新鮮さが必要だから、本作ではブレン軽機関銃ではなく
ミニガンをDB5のフロント部分に搭載している。少しだけ改良したんだよ!
007/カジノ・ロワイヤル』から『007 スペクター』まで、ダニエル・クレイグは英国秘密情報部のスパイ、ジェームズ・ボンドを計4作で演じてきた。半世紀以上の歴史を持つ人気シリーズだけに、新作の製作が決まるたび、世界中が注目するのは当たり前。シリーズ第25作となる『007/ノー・タイム・トゥ・ダイ』に関しても、前作『007 スペクター』の公開から数年の月日がたっていることもあり、期待と好奇心の入り交じった声が飛び交った。ダニエル・クレイグは再びボンドを演じるのか。そもそも、ボンドは新作に登場するのか。製作初期に監督を務めていたダニー・ボイルの離脱に触れ、「映画製作ではよくあることなのに、『007』シリーズだから話題になってしまった」と冷静に語るクレイグの様子から察するに、過熱した報道を気にする必要はなさそうだ。もちろん、ボイルからバトンを受け取った日系米国人監督キャリー・フクナガのもと、クレイグはこれまでどおりボンドを演じる。ただし、本作の冒頭、ボンドは現役スパイを退いているのだが。

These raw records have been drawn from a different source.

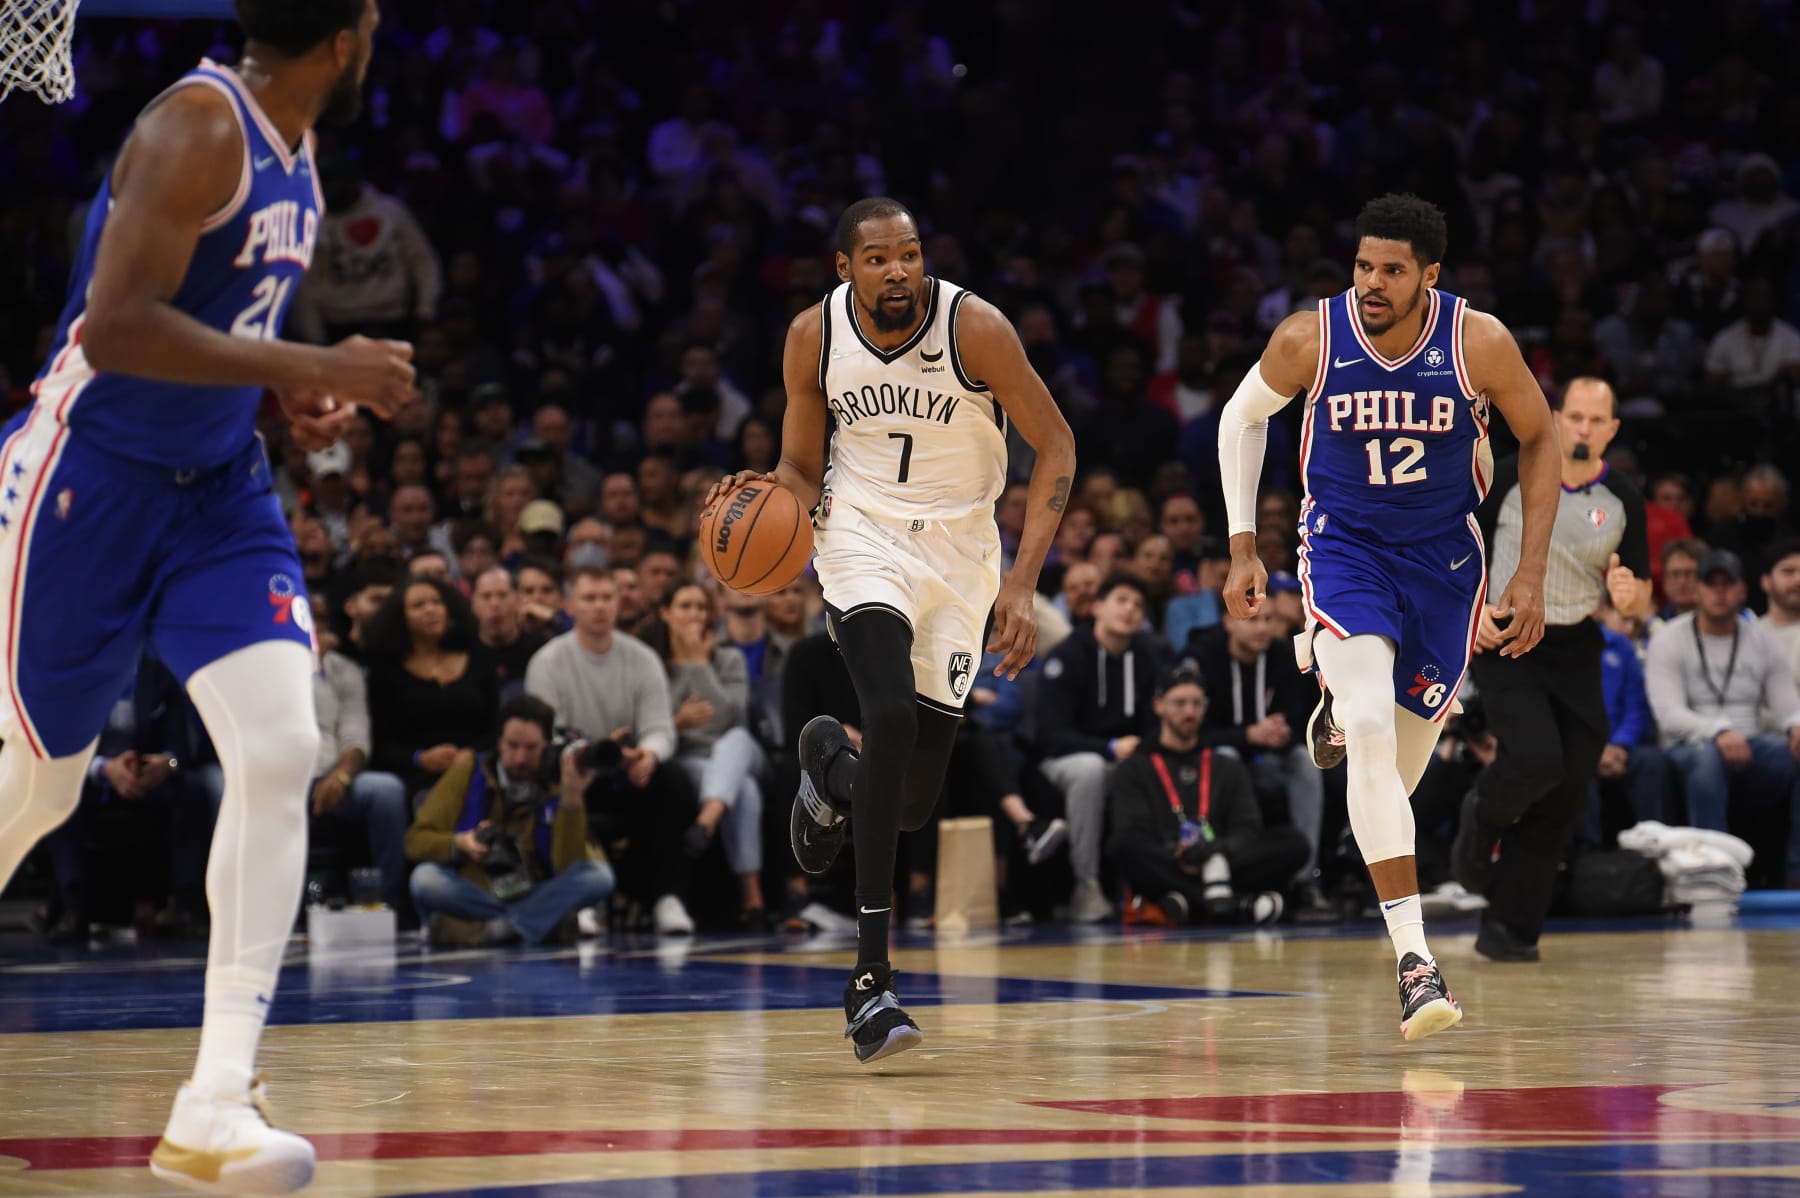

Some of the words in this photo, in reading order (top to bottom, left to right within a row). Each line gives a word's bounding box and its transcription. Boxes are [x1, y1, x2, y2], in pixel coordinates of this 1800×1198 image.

[230, 275, 291, 340] 21
[921, 366, 945, 374] Webull
[830, 383, 960, 425] BROOKLYN
[1326, 390, 1455, 433] PHILA
[888, 432, 913, 483] 7
[1365, 437, 1428, 486] 12
[716, 487, 763, 553] Wilson

「ボンドは任務を退き、ジャマイカで平穏な暮らしを送っていた。けれど、基本的にじっとしていられない性格だからね。忙しく動きまわり、健康を維持し、感覚が鈍らない努力はずっとし続けていたと思う。そんな中、CIA出身の旧友に助けを求められ、キューバへ向かうことになるんだ」
その後のストーリーは、もちろん公開まで極秘扱い。とはいえ、『ボヘミアン・ラプソディ』でアカデミー賞主演男優賞に輝いたラミ・マレックが悪役を演じることはすでに公表済みで、"ボンド対悪者"の構図は従来どおりだという。

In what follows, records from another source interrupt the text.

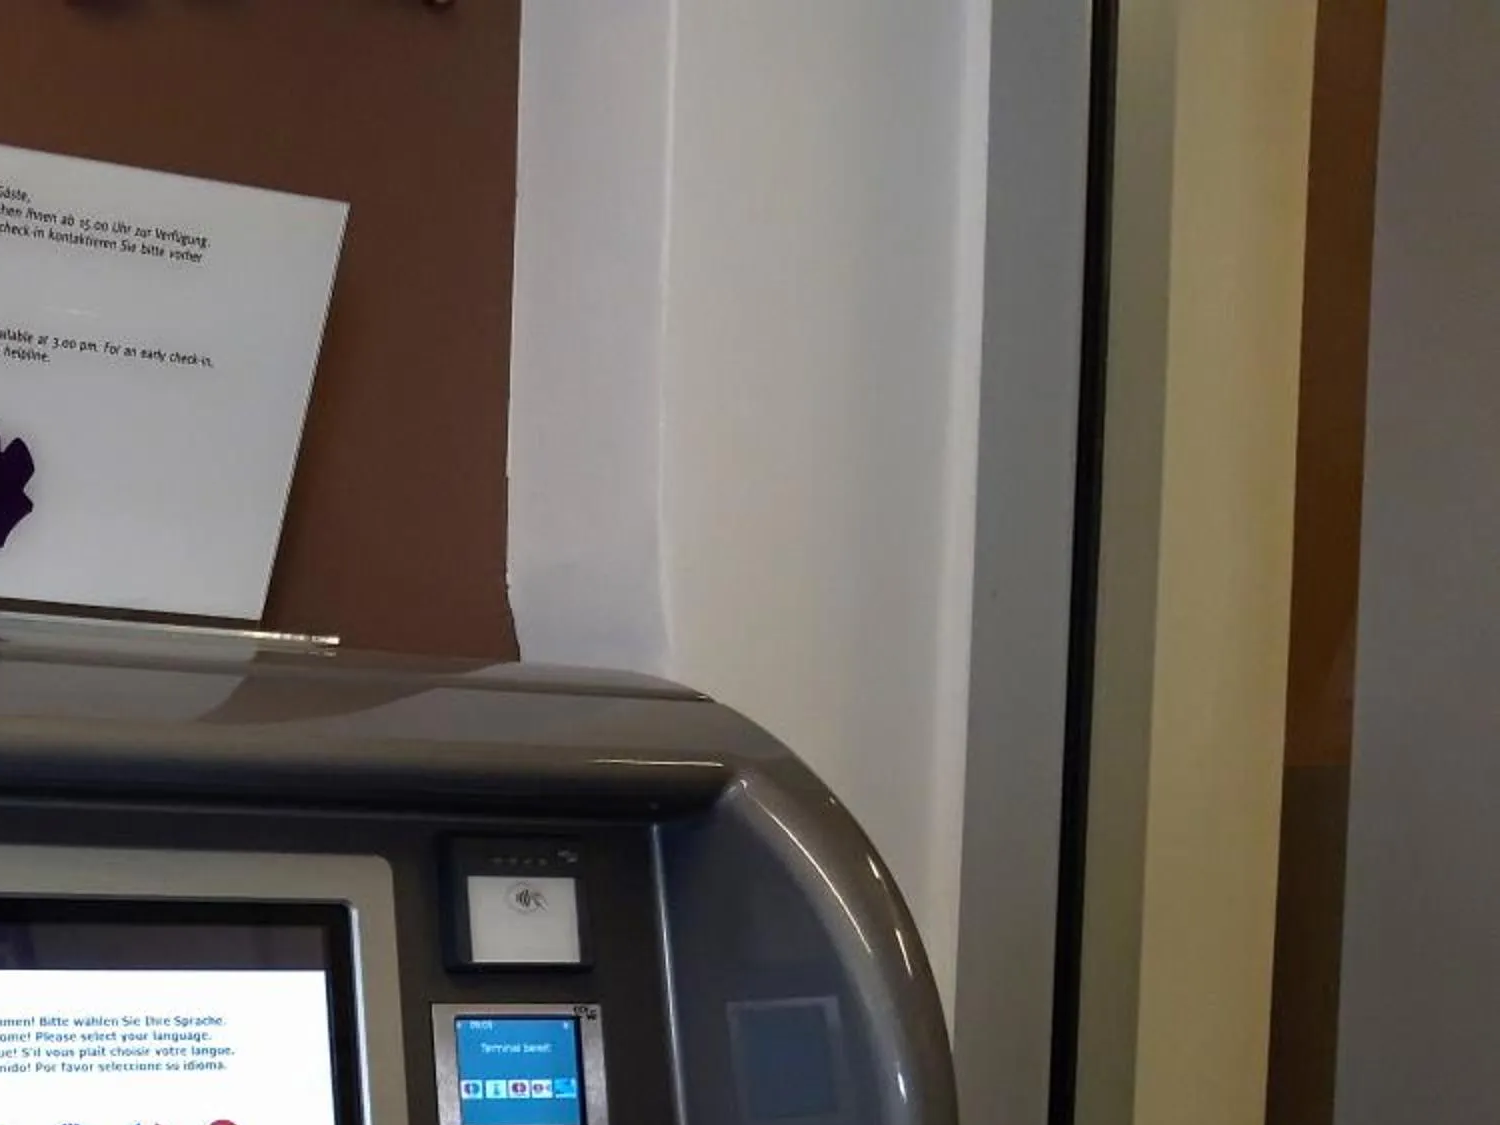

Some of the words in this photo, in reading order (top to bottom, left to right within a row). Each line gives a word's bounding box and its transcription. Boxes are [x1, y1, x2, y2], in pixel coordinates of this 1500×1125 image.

[60, 213, 76, 226] ab
[112, 221, 132, 234] Uhr
[134, 226, 152, 238] zur
[120, 239, 137, 252] Sie
[141, 243, 165, 257] bitte
[169, 250, 203, 263] vorher
[37, 335, 49, 345] at
[103, 341, 122, 356] For
[124, 346, 137, 357] an
[140, 348, 167, 363] early
[40, 1016, 69, 1027] Bitte
[122, 1016, 140, 1027] Sie
[145, 1016, 171, 1026] Ihre
[35, 1031, 77, 1042] Please
[81, 1030, 117, 1042] select
[121, 1032, 148, 1042] your
[45, 1048, 75, 1057] vous
[110, 1046, 150, 1057] choisir
[155, 1047, 186, 1057] votre
[35, 1062, 57, 1073] Por
[61, 1061, 94, 1073] favor
[98, 1060, 164, 1072] seleccione
[166, 1062, 180, 1071] su
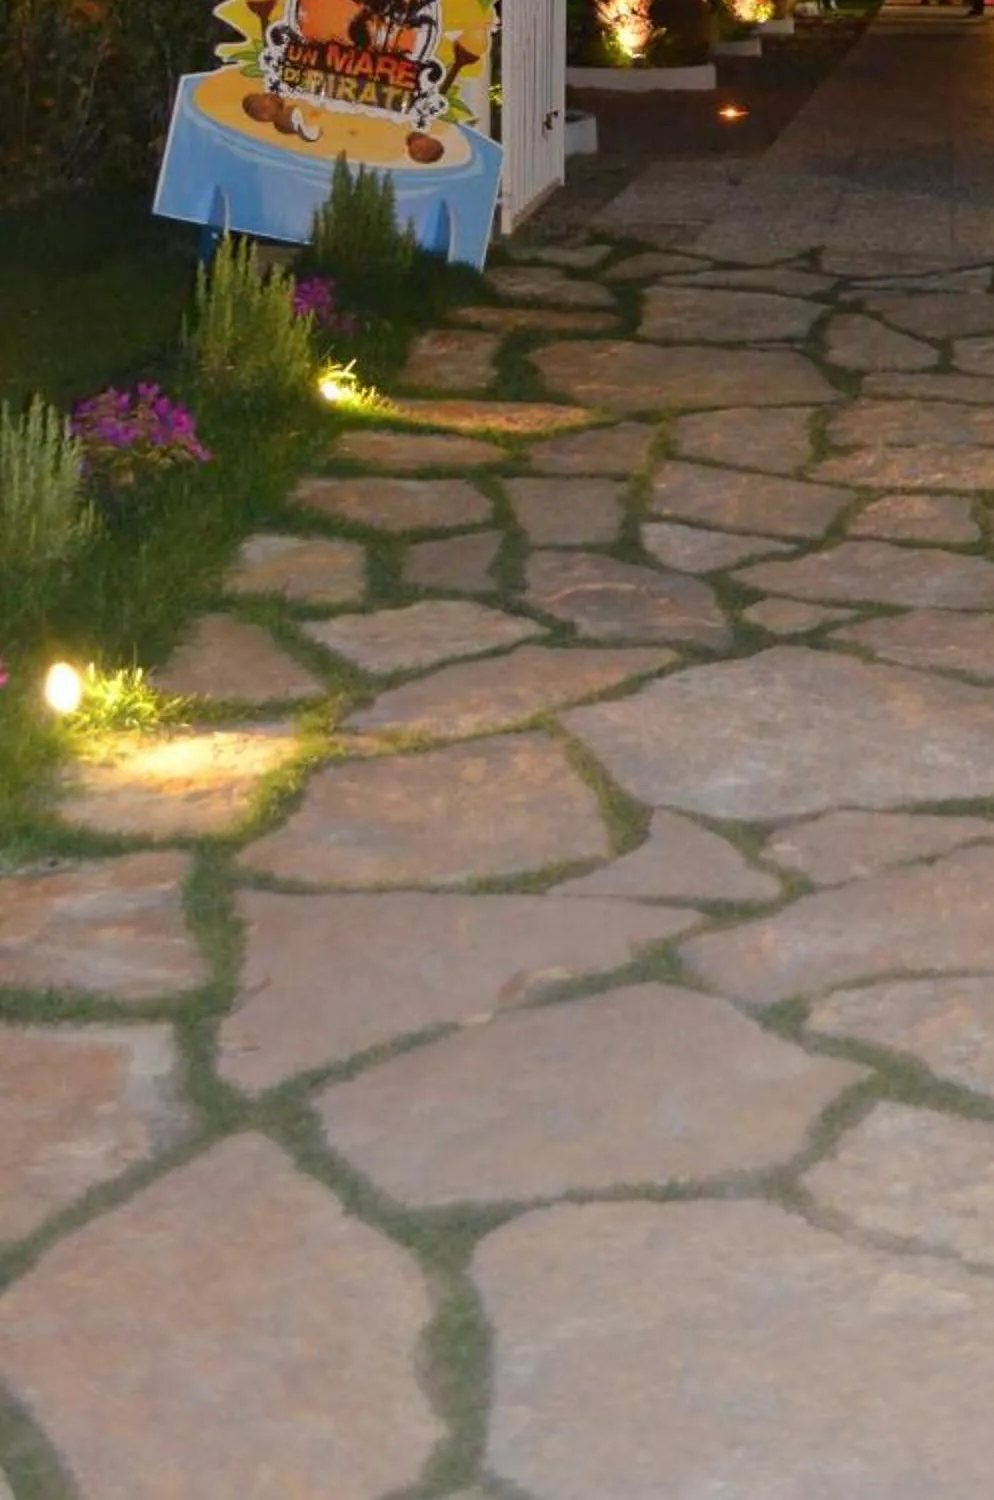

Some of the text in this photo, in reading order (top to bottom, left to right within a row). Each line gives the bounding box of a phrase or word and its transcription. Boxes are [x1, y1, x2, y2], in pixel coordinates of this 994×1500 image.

[286, 42, 417, 90] UN MARE
[302, 69, 413, 114] PIRATI

「僕たちが製作の段階で話し合うのは、"恐怖"についてだ。悪役がなにをしようとしているのか。世界を滅ぼしたいのか、支配したいのか、仲間とだけ共有する気なのか。映画を作る際には、こういった疑問が浮かぶ。そのうえで、物語の中で起こる出来事を検討するにあたり、現実が必然的に関連づけられていく。映画の世界に現実を反映しないなんて、無理な話だからね。これまでの『007』シリーズでも、その時代の服装が反映されてきたし、当時の情勢の影響が見て取れる。『007/ゴールデンアイ』が製作された当時、"冷戦は終わったのに、まだボンド映画を作る必要が?"と意見する人たちがいたそうだ。完全に間違った考え方だね。世界はあの頃と変わらず複雑だし、悪いことを企む人間もまだいる。だからシリーズを作り続ける意味があるのだけど、これはボンド映画だから、倒すべき悪人のアジトというものがある。結局のところはファミリー映画だし、気骨のある激しい内容になればなるほど、観客には空想の作品として楽しんでもらえることを願っているよ」
また、エンターテイメントと社会性のバランスという点でいえば、少なくとも過去の『007』が女性に公平な映画ではないことも十分承知している。本作には、ラシャーナ・リンチ演じる黒人の女性エージェントが登場するそうだ。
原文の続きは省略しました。